In short, to a degree perhaps unprecedented in American military history, the American forces, if the statement made by the Defence Secretary has any meaning, are preparing to do a 'super scuttle'. Making Nixon & Kissinger's policy of 'Vietnamization' in 1969-1972 look in retrospect as brilliantly thought out and statesman-like in comparison. With the only historical examples that come to mind are the British withdrawals from Palestine and the Indian Sub-continent circa 1947-1948. In both cases of course, said withdrawal resulting in considerable bloodbaths in both locations. However, looking at the matter from a strictly machtpolitik point of view, id est., from the point of view of Western and American interests there is an argument to be made that the current Western troop presence in Afghanistan is unnecessary and at the very least has not shown much evidence that it is having a positive result. As the ever wise, Leslie Gelb, one of the 'authors' of the Pentagon Papers has argued this week:

"With this strategy, the administration accomplishes three goals: (1) U.S. troops are removed from combat earlier, reducing lives lost and cost; (2) U.S. troops return home earlier; and (3) both security and political risks are made manageable....But for the United States, the war is coming to an end. Its critical goals have been achieved. Osama bin Laden is dead. Al Qaeda there is virtually dead. There are no vital interests to justify further great sacrifices. And now it’s time to act upon this reality and bring the heroes home"

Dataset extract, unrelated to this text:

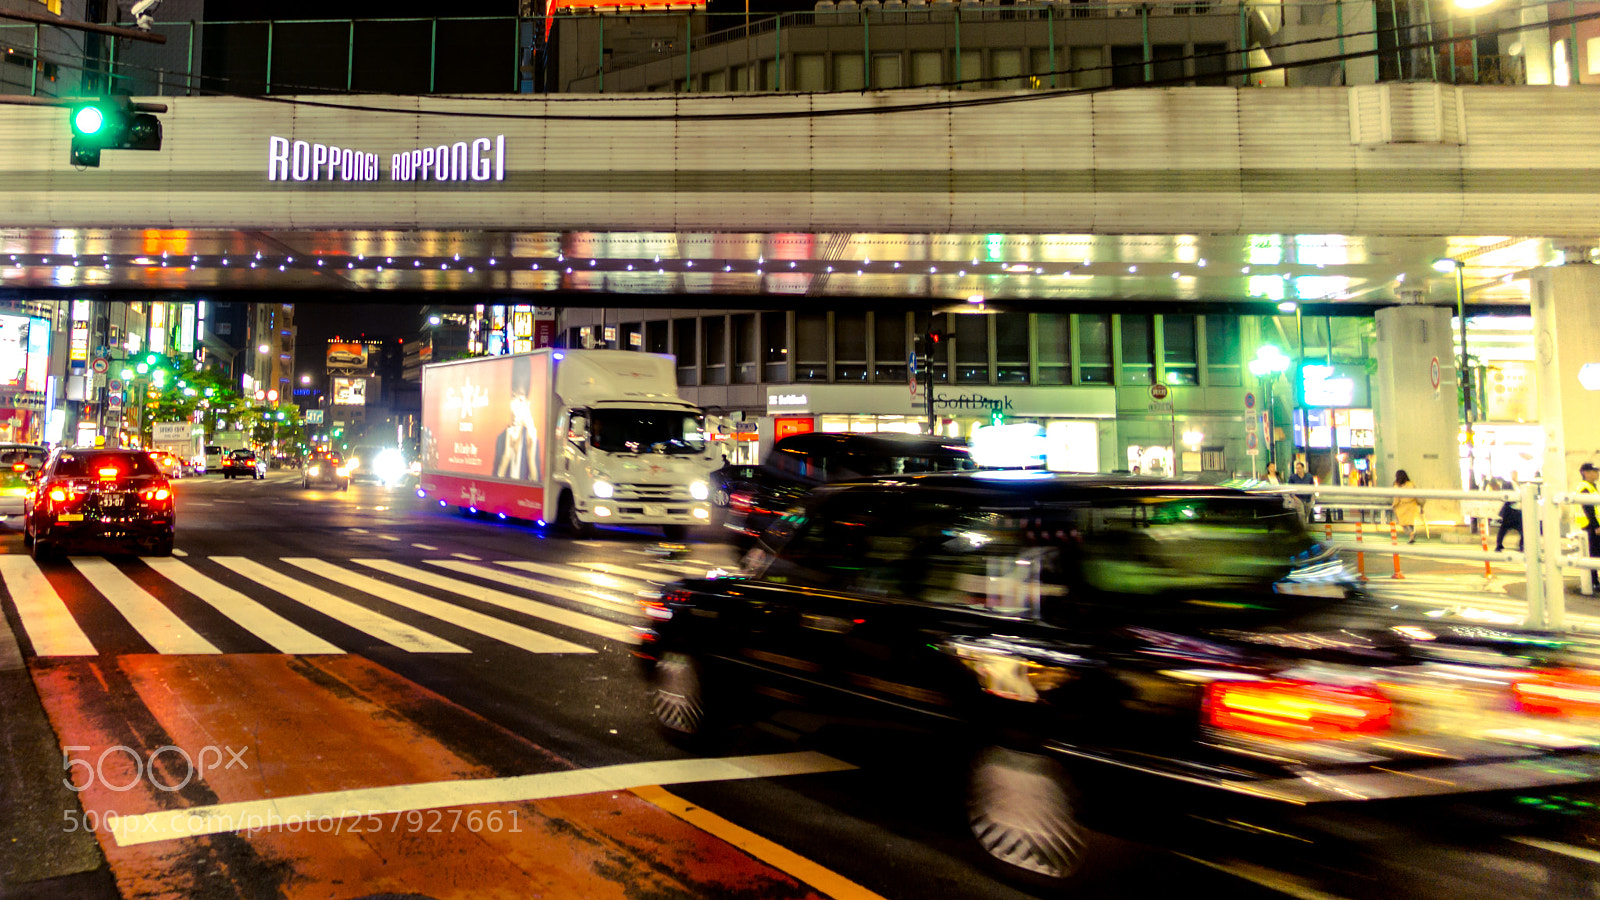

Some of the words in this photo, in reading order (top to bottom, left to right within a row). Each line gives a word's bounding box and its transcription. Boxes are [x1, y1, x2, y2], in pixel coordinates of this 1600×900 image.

Per se, Afghanistan by itself has absolutely no strategic importance or value. Its only importance is that in the recent past it has been a base for extra-territorial terrorist attacks on third-countries. Au fond the real and indeed perhaps only issue raised by the American statement is: will the end of American and Western combat forces from the fighting and the possibly reduction in the size of the Afghan Army mean what exactly vis-`a-vis the Taliban forces in the field? Only this week, there was a leak of a American military document which clearly seems to show that sans the American-lead forces, the Taliban feel quite capable to ousting the Karzai regime from power and installing themselves instead 3. If this is in fact the case, what will be the extra-Afghanistan repercussions of the ouster of the American-Western backed Karzai government? Will there be none because the Taliban will concentrate upon remaining in power and unlike the situation in the 1990's, not care to meddle in the affairs of other countries? Or conversely will a Taliban-ruled Afghanistan be once more a magnet for terrorist elements world-wide? And if so, how will this state of affairs differ in anyway from say what is now going on in parts of say Yemen and Somalia? Per contra, it could be argued that lying as it does at the crossroads of the Middle East, the Asia Sub-continent and Central Asia, that Afghanistan is the ultimate 'road to somewhere' and thus cannot be simply abandoned without there being some negative strategic repercussions `a la what occurred the last time that the Americans left circa 1989-1992 4.

1. Anthony Cordesman, "The Real issues in Afghanistan: looking beyond undefined policy statements and slogans." Center of Strategic and International Studies. 2 February 2012, in

2. Leslie Gelb, "Obama's Faster, Smarter, Afghan Exit." The Daily Beast. 1 February 2012.

3. "Taliban will take over from U.S. and NATO in Afghanistan-leaked U.S. report." Strategic Culture Foundation: online journal. 3 February 2012, ,in

4. For the Lord Avon's amusing expression: the 'road to somewhere', see: Sir Charles Arthur Evelyn Shuckburgh, Descent to Suez: Foreign Office Diaries, 1951-1956. 1987, p.